A Phase 2a trial of a new Parkinson’s disease drug has passed an interim safety review, allowing researchers to proceed with higher dose testing.
The EXIST study is assessing exidavnemab as a potential treatment for Parkinson’s disease and multiple system atrophy (MSA)—a rare disorder where nerve cells in multiple areas of the brain progressively deteriorate.
The first cohort received a lower dose of exidavnemab or a placebo in patients with Parkinson’s disease.
Following a positive safety review, two additional cohorts will now begin, testing a higher dose in patients with Parkinson’s disease and MSA.
Swedish biotech firm BioArctic, which is developing the drug, confirmed the progression of the trial following the review.

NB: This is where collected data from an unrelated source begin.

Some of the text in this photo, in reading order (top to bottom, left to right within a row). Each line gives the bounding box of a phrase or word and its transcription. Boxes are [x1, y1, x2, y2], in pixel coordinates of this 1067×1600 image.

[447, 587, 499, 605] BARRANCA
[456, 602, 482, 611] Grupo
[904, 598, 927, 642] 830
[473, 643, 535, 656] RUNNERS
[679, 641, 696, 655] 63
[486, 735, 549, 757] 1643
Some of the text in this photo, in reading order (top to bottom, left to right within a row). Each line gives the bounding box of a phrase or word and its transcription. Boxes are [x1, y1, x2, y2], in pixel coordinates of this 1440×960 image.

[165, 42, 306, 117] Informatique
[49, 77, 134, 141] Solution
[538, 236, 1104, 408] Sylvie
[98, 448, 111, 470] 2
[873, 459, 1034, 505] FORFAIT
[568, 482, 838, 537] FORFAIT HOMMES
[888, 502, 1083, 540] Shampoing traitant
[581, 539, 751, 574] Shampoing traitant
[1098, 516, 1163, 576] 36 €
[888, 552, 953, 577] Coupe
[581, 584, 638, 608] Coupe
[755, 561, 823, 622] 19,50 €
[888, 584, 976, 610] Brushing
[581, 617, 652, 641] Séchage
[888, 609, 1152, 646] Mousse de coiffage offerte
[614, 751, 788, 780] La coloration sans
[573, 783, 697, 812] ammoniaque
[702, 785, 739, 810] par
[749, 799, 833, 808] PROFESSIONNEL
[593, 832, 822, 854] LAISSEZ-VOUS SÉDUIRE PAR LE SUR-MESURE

Gunilla Osswald, chief executive at BioArctic, said: “Exidavnemab is BioArctic’s second disease-modifying treatment for severe brain diseases, building on a similar scientific approach as Leqembi.

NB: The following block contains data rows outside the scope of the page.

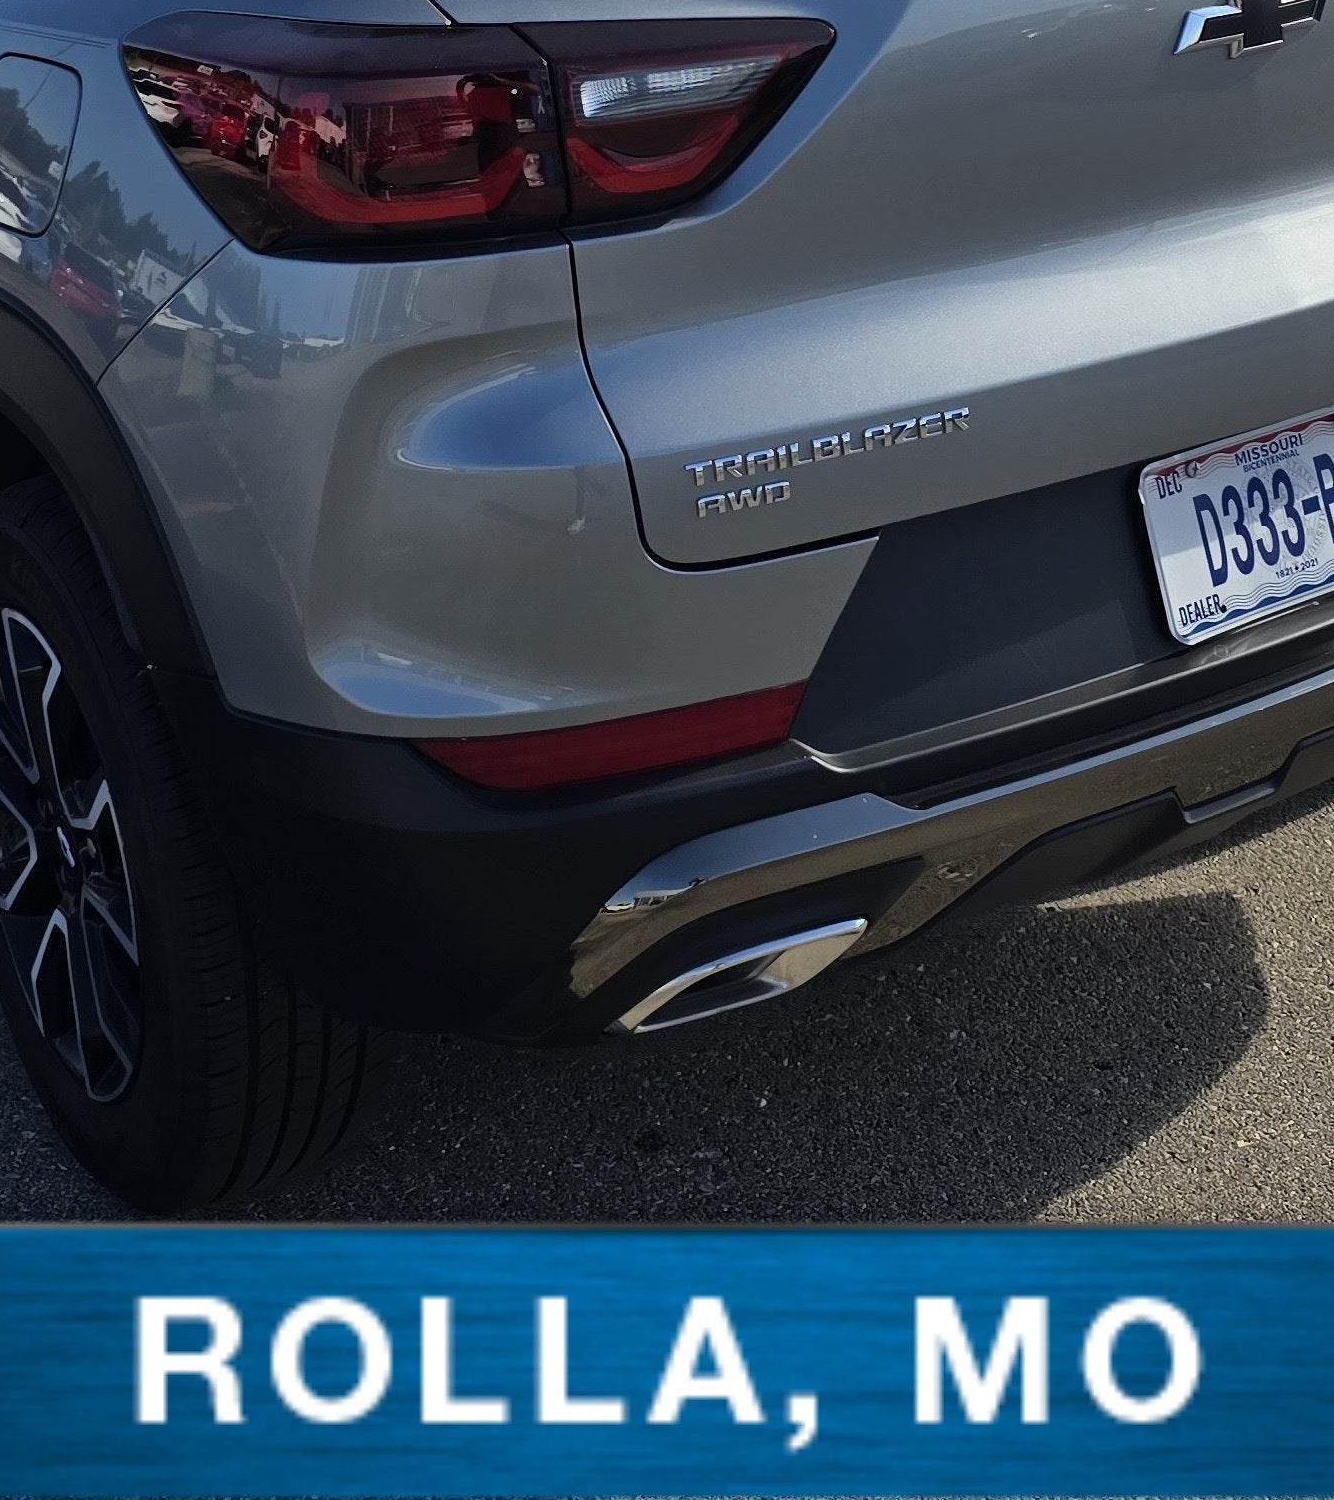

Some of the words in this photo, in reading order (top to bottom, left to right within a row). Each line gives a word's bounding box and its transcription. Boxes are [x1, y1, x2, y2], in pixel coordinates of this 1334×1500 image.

[684, 407, 970, 487] TRAILBLAZER
[1242, 449, 1301, 474] BICENTENNIAL
[1154, 470, 1184, 500] DEC
[1233, 432, 1305, 467] MISSOURI
[696, 480, 792, 519] AWD
[1275, 564, 1295, 580] 1821
[1300, 557, 1320, 573] 2021
[1177, 593, 1223, 628] DEALER

“Both originate from our antibody platform, selectively targeting aggregated, toxic misfolded proteins.
“I am pleased that the interim safety review of our phase 2a study EXIST of exidavnemab showed a good safety and tolerability profile as expected, supporting progression into higher doses in both Parkinson’s disease and MSA.”
The EXIST study (EXIdavnemab Synucleinopathy Trial) is a randomised, double-blind, placebo-controlled trial evaluating the safety, tolerability and pharmacokinetics—how the drug is processed in the body.

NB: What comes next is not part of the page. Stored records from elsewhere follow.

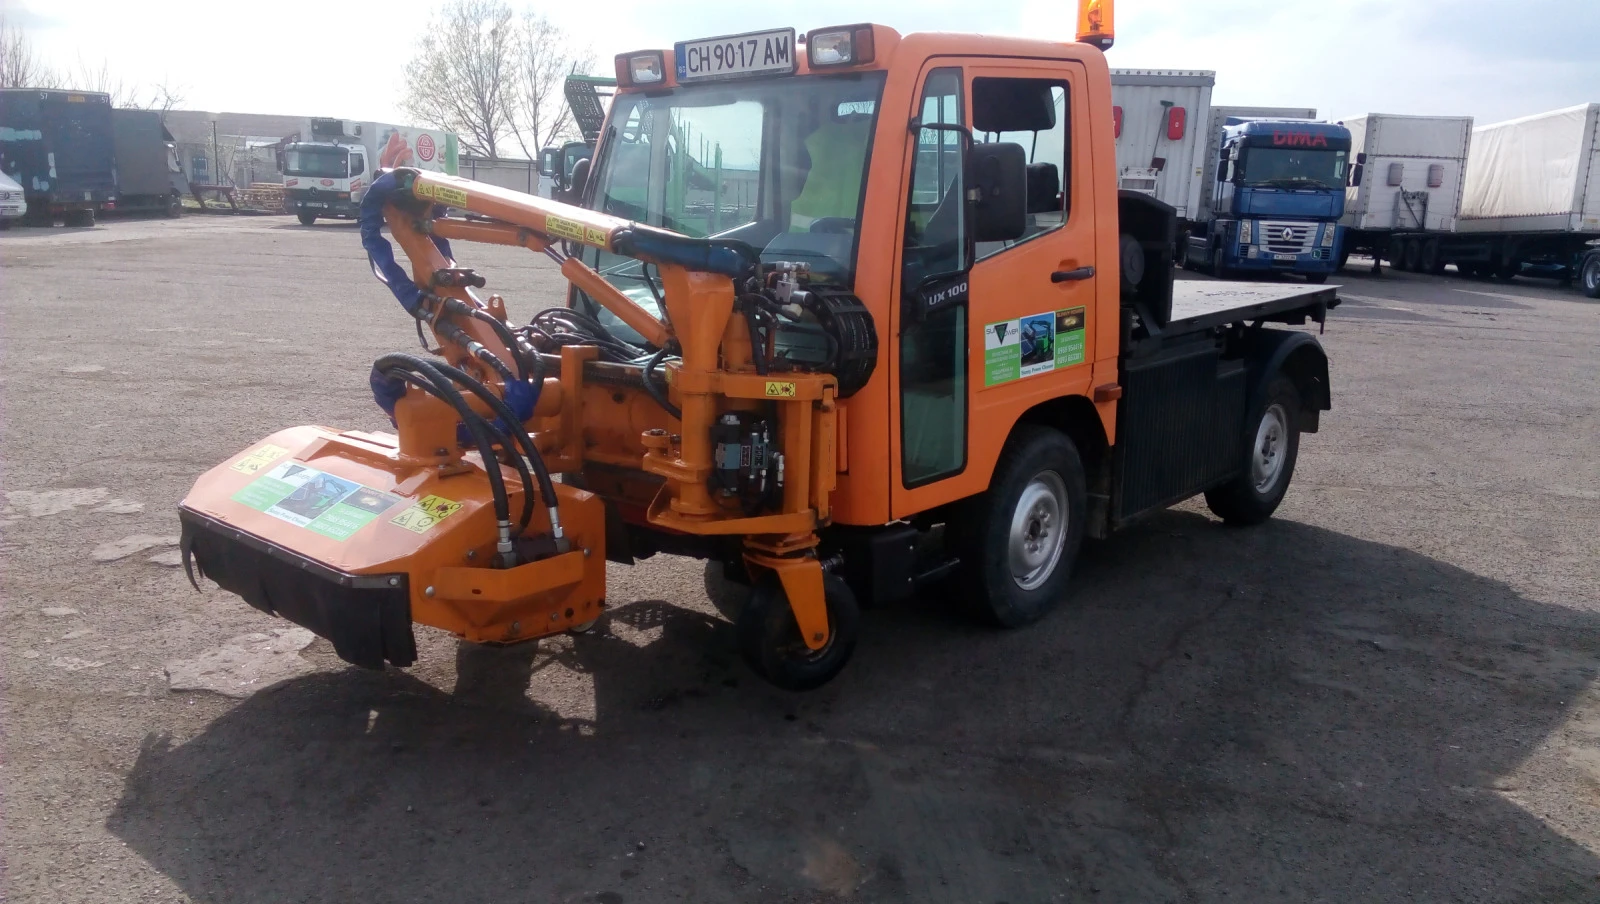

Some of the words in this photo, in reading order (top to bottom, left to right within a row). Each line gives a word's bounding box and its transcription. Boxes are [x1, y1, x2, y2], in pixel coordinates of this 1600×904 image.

[688, 46, 711, 73] CH
[713, 39, 758, 70] 9017
[763, 35, 789, 66] AM
[40, 92, 48, 100] 57
[1273, 130, 1327, 147] DIMA
[928, 291, 945, 305] UX
[947, 282, 968, 298] 100
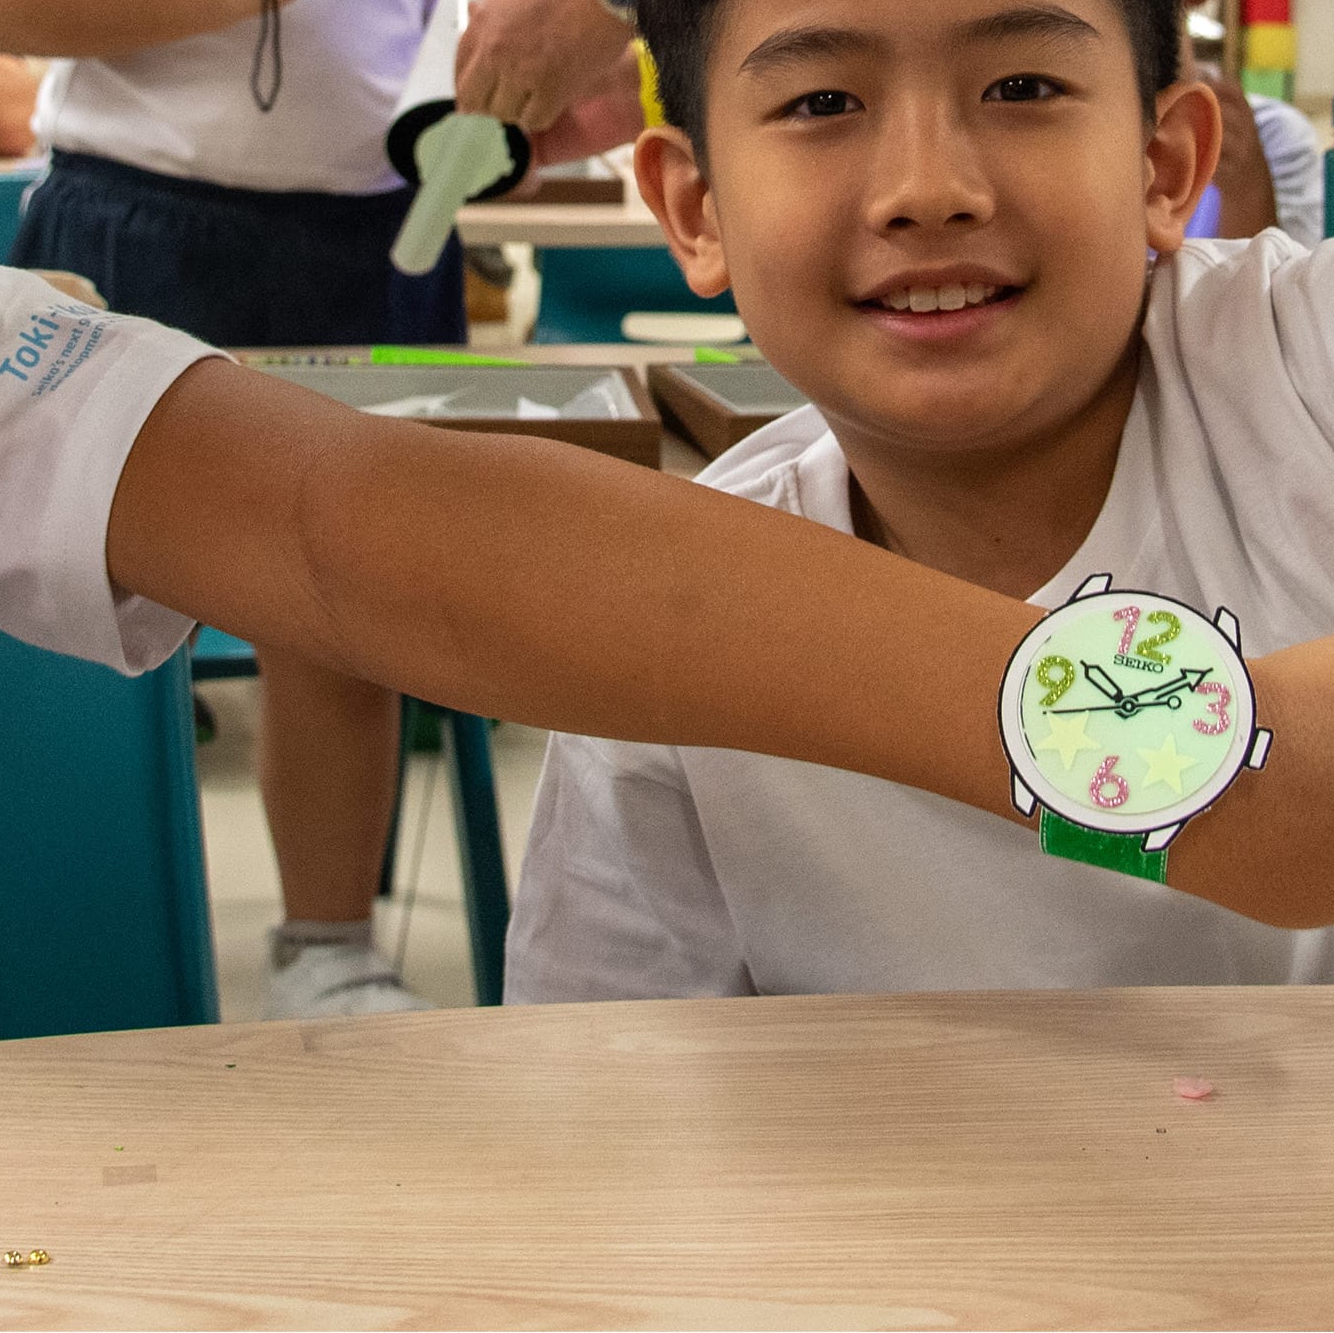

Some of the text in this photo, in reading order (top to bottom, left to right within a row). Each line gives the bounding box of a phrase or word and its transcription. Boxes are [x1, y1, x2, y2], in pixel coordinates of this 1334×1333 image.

[61, 327, 84, 358] next
[1113, 605, 1182, 666] 12
[1036, 654, 1076, 707] 9
[1113, 653, 1165, 675] SEIKO
[1192, 681, 1232, 736] 3
[1088, 754, 1131, 809] 6

It also includes the measurement of a wide range of biomarkers in plasma, cerebrospinal fluid, and through digital assessments.
Exidavnemab is a monoclonal antibody—a lab-produced protein designed to bind to specific targets in the body.
It selectively targets aggregated forms of alpha-synuclein, a misfolded protein that damages nerve cells in diseases such as Parkinson’s and MSA, while sparing normal forms of the protein.
The drug is being developed as what BioArctic describes as a disease-modifying treatment for synucleinopathies—conditions involving harmful build-up of alpha-synuclein.
By binding to and clearing these toxic aggregates, it aims to help preserve nerve cell function and slow disease progression.
Exidavnemab has recently received orphan drug designation in the US and a positive opinion for orphan medicinal product designation in the EU for the treatment of MSA—designations awarded to drugs intended for rare diseases affecting small patient populations.